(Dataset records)

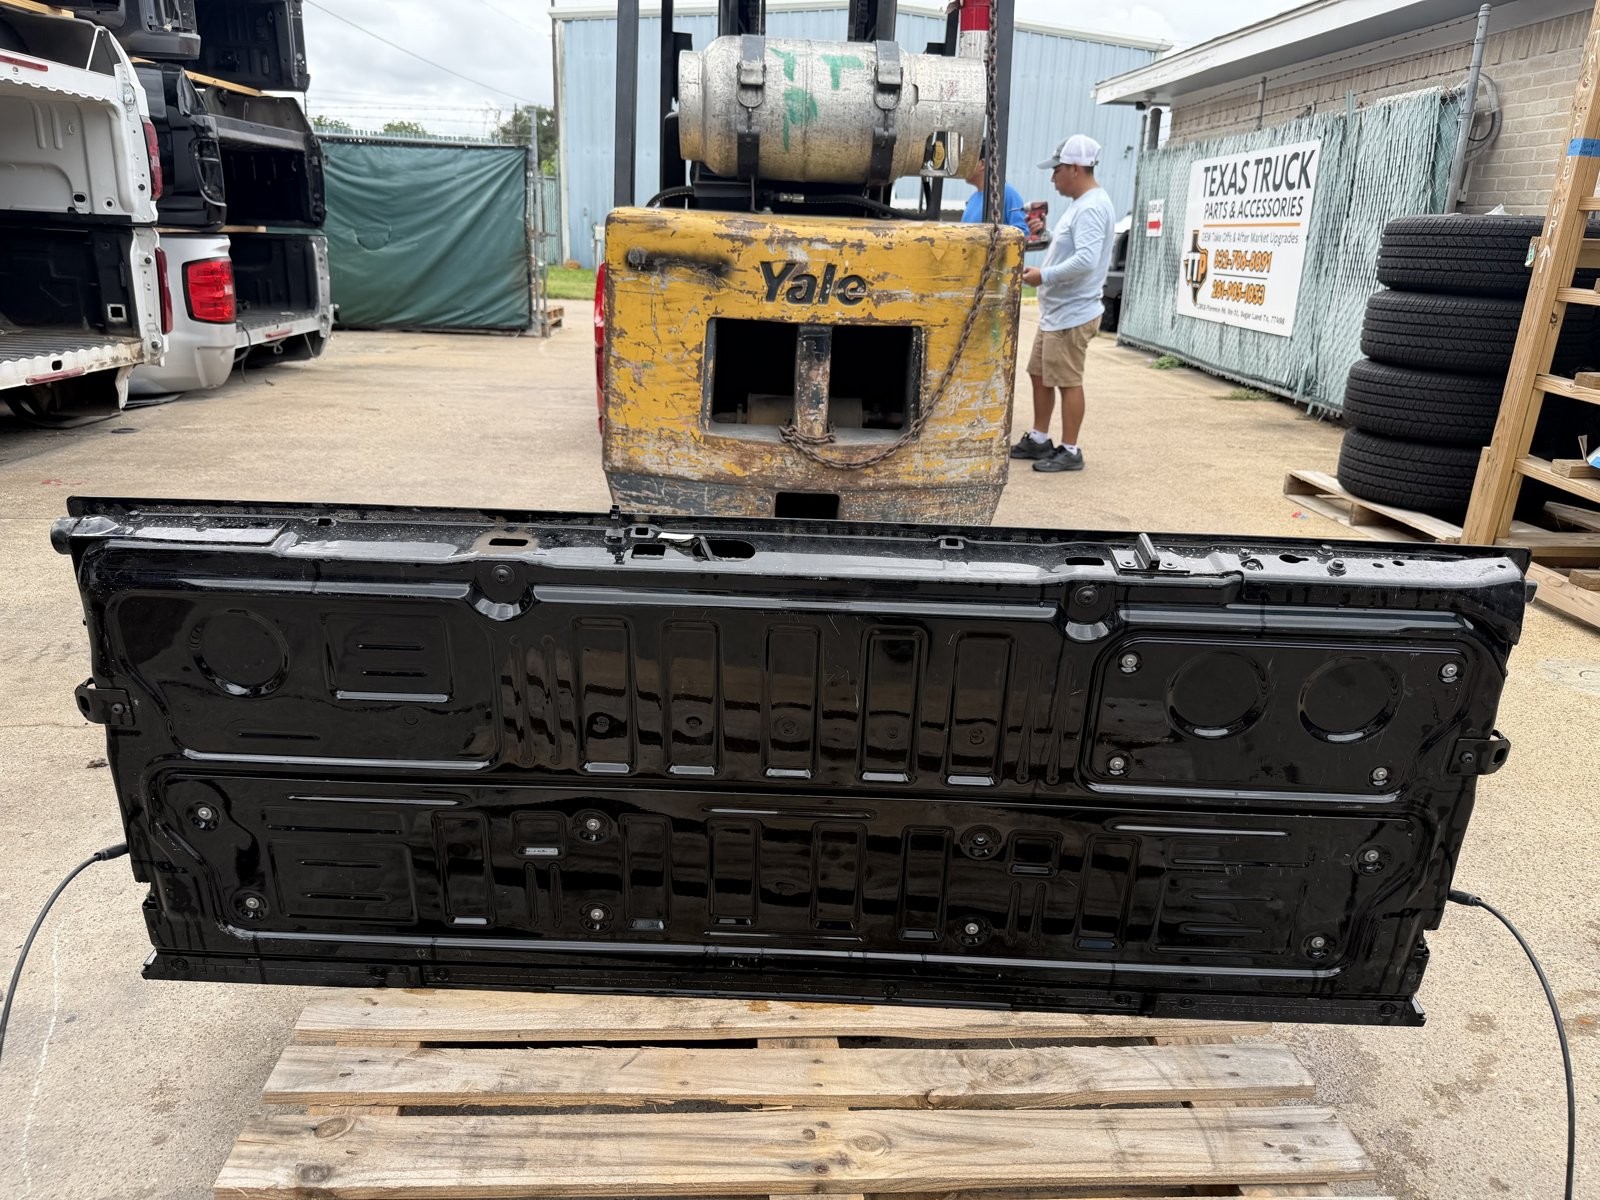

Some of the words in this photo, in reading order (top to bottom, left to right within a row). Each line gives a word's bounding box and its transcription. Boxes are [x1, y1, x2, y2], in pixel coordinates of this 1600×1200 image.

[1203, 160, 1250, 198] TEXAS
[1252, 149, 1316, 194] TRUCK
[1204, 201, 1228, 219] PARTS
[1229, 201, 1236, 219] &
[1237, 196, 1304, 219] ACCESSORIES
[1546, 203, 1560, 239] UP
[1237, 232, 1250, 243] After
[1250, 232, 1270, 244] Market
[1269, 232, 1299, 247] Upgrades
[760, 260, 867, 306] Yale
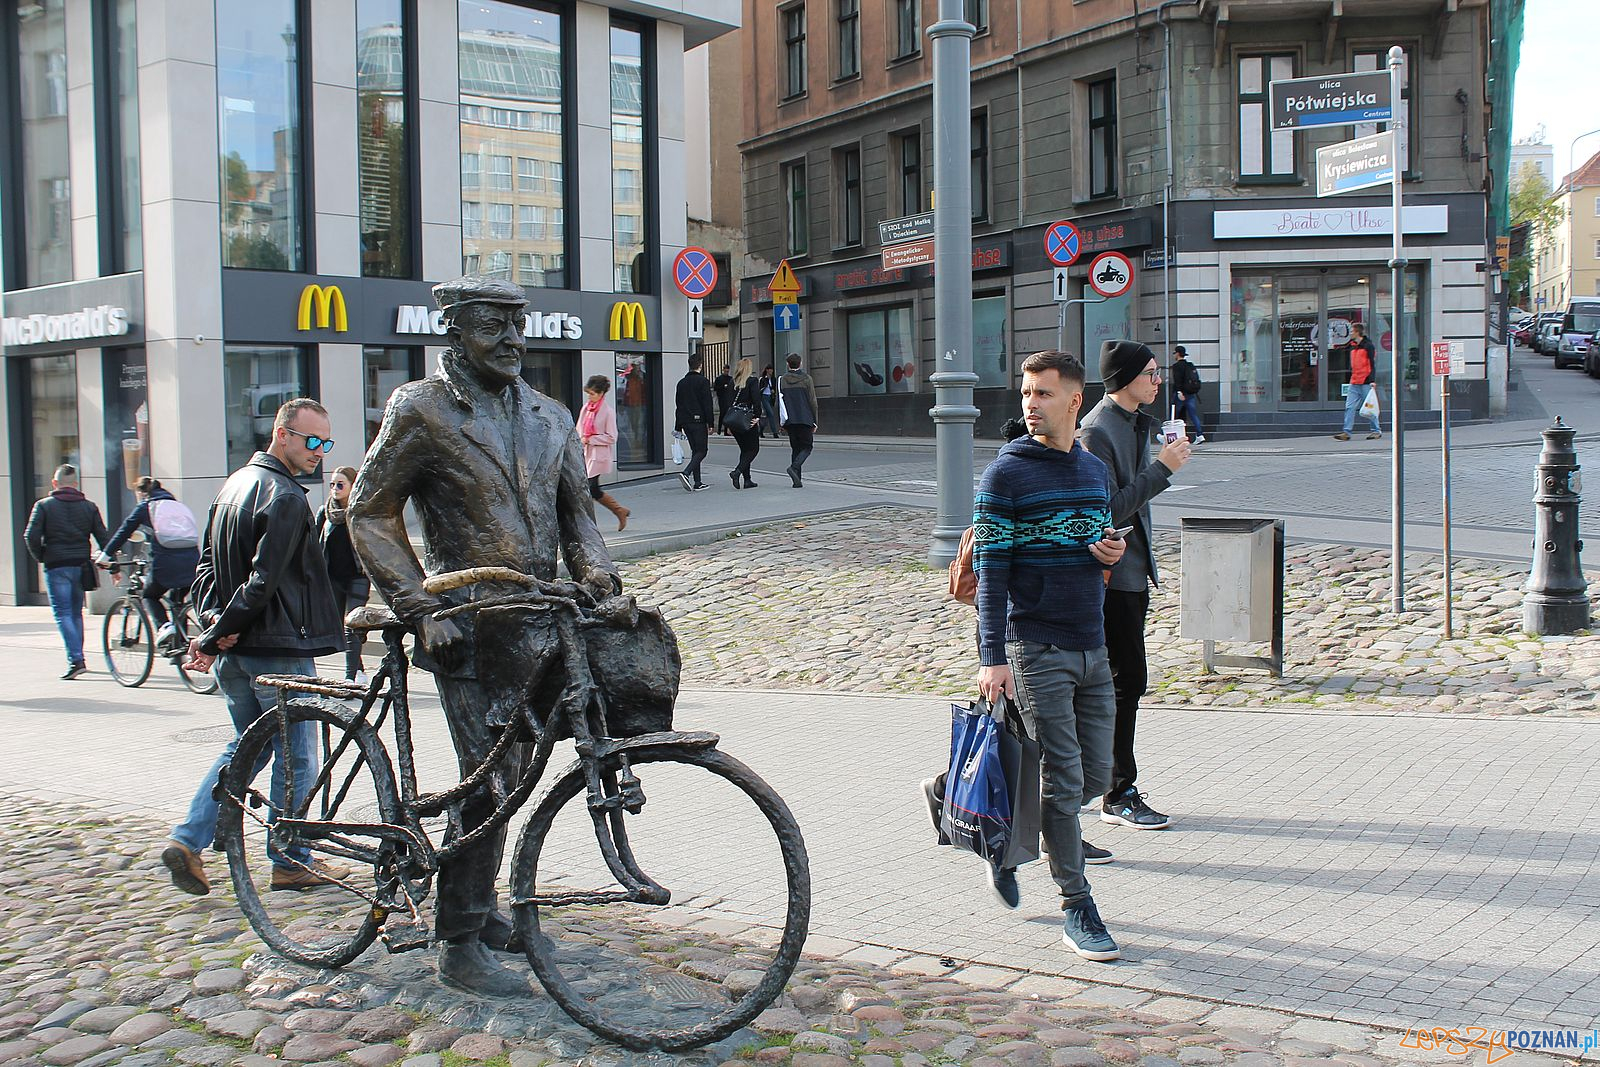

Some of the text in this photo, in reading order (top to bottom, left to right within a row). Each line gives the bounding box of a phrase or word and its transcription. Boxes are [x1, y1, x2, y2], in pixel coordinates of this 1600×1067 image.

[1319, 80, 1341, 89] ulica
[1286, 90, 1377, 112] Półwiejska
[1363, 110, 1391, 118] Centrum
[1324, 153, 1387, 179] Krysiewicza
[1272, 210, 1389, 234] Beate Uhse
[1096, 224, 1125, 243] uhse
[2, 304, 128, 346] McDonald's

== THE TASK ==
Give the lines of the entries above exactly as they appear, leaving out each picture.

== RESPONSE TO THIS EXERCISE ==
Some of the words in this photo, in reading order (top to bottom, left to right within a row). Each line gives a word's bounding box and its transcription. Boxes are [x1, y1, x2, y2], in pixel coordinates of this 1600×1200 image.

[1203, 160, 1250, 198] TEXAS
[1252, 149, 1316, 194] TRUCK
[1204, 201, 1228, 219] PARTS
[1229, 201, 1236, 219] &
[1237, 196, 1304, 219] ACCESSORIES
[1546, 203, 1560, 239] UP
[1237, 232, 1250, 243] After
[1250, 232, 1270, 244] Market
[1269, 232, 1299, 247] Upgrades
[760, 260, 867, 306] Yale

Some of the text in this photo, in reading order (top to bottom, left to right within a row). Each line gives the bounding box of a phrase or word and its transcription. Boxes are [x1, y1, x2, y2], in pixel coordinates of this 1600×1067 image.

[1319, 80, 1341, 89] ulica
[1286, 90, 1377, 112] Półwiejska
[1363, 110, 1391, 118] Centrum
[1324, 153, 1387, 179] Krysiewicza
[1272, 210, 1389, 234] Beate Uhse
[1096, 224, 1125, 243] uhse
[2, 304, 128, 346] McDonald's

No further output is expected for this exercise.